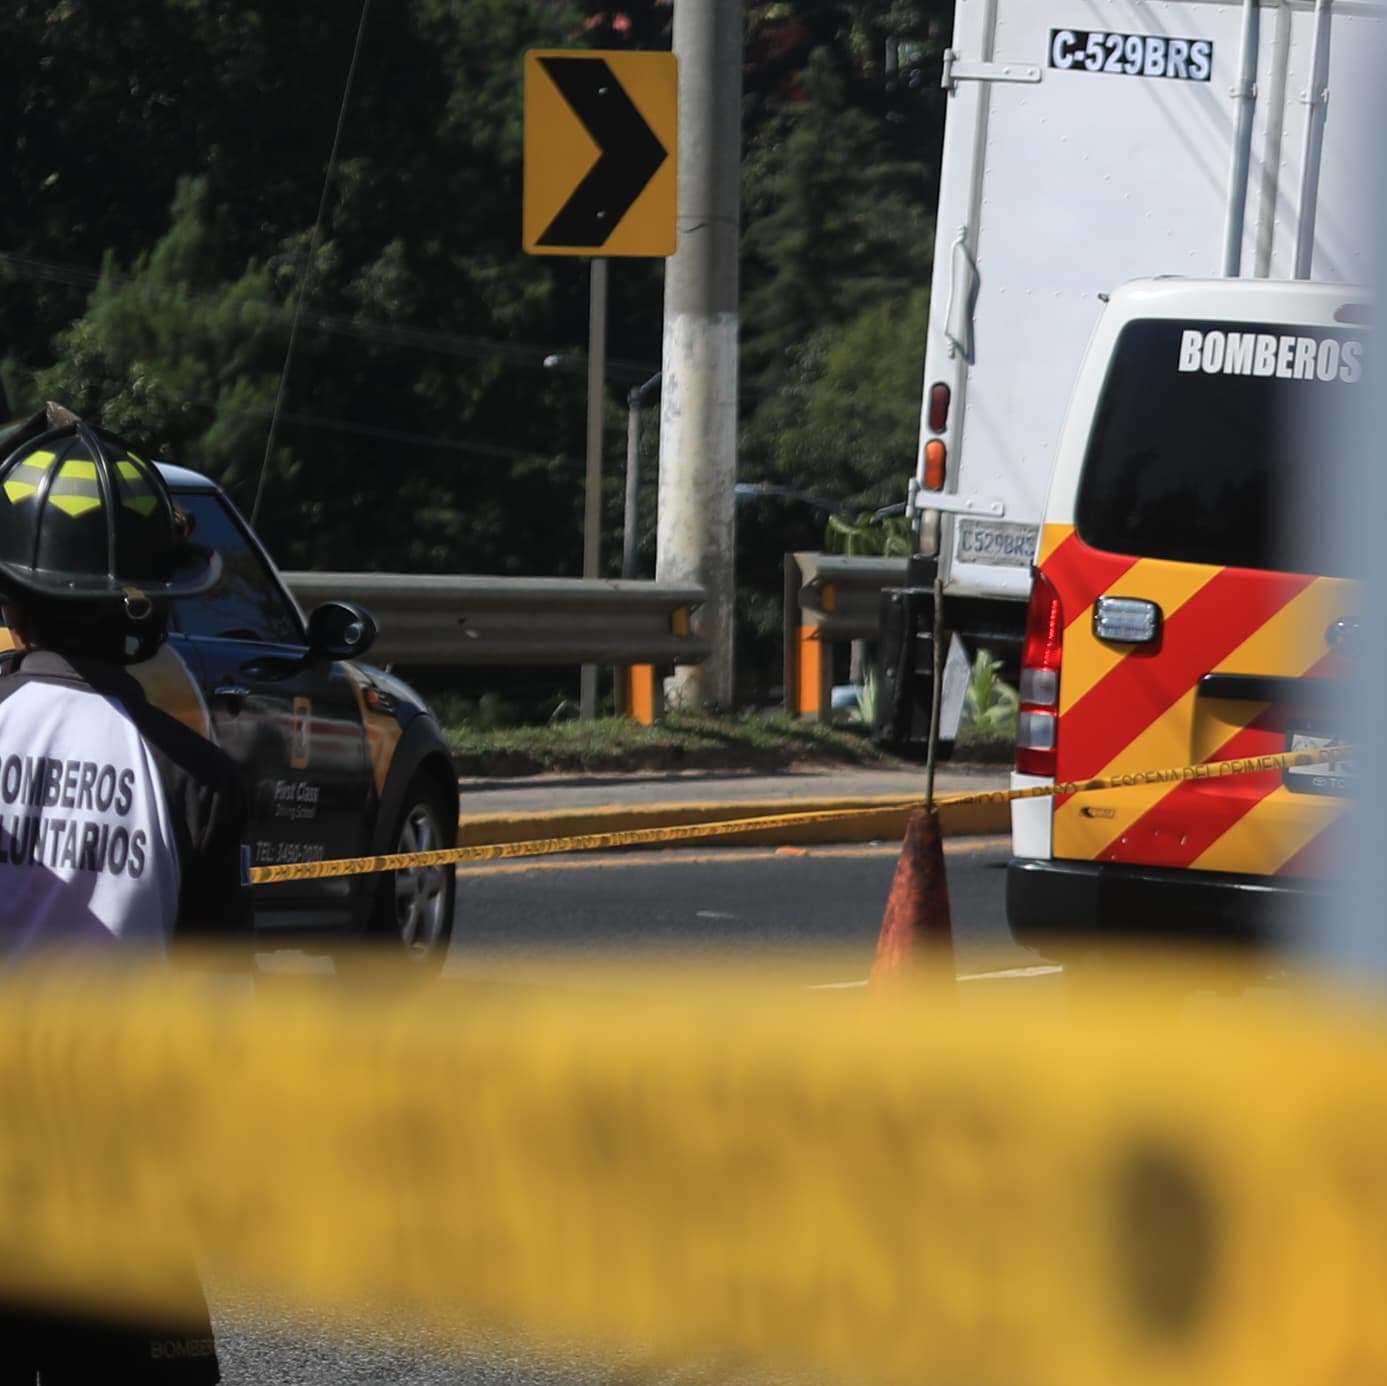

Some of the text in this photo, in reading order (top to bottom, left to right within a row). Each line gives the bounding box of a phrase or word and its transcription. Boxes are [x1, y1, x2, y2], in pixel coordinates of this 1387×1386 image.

[1051, 30, 1212, 80] C-529BRS
[1177, 329, 1364, 383] BOMBEROS
[0, 753, 136, 817] OMBEROS
[0, 814, 147, 879] LUNTARIOS

___

◆ PROBLEM DETAILS:
Please transcribe all of the entries word for word, with the pictures left out.

◆ WRITTEN ANSWER:
Some of the text in this photo, in reading order (top to bottom, left to right within a row). Each line gives the bounding box of a phrase or word and its transcription. Boxes are [x1, y1, x2, y2], in pixel coordinates of this 1387×1386 image.

[1051, 30, 1212, 80] C-529BRS
[1177, 329, 1364, 383] BOMBEROS
[0, 753, 136, 817] OMBEROS
[0, 814, 147, 879] LUNTARIOS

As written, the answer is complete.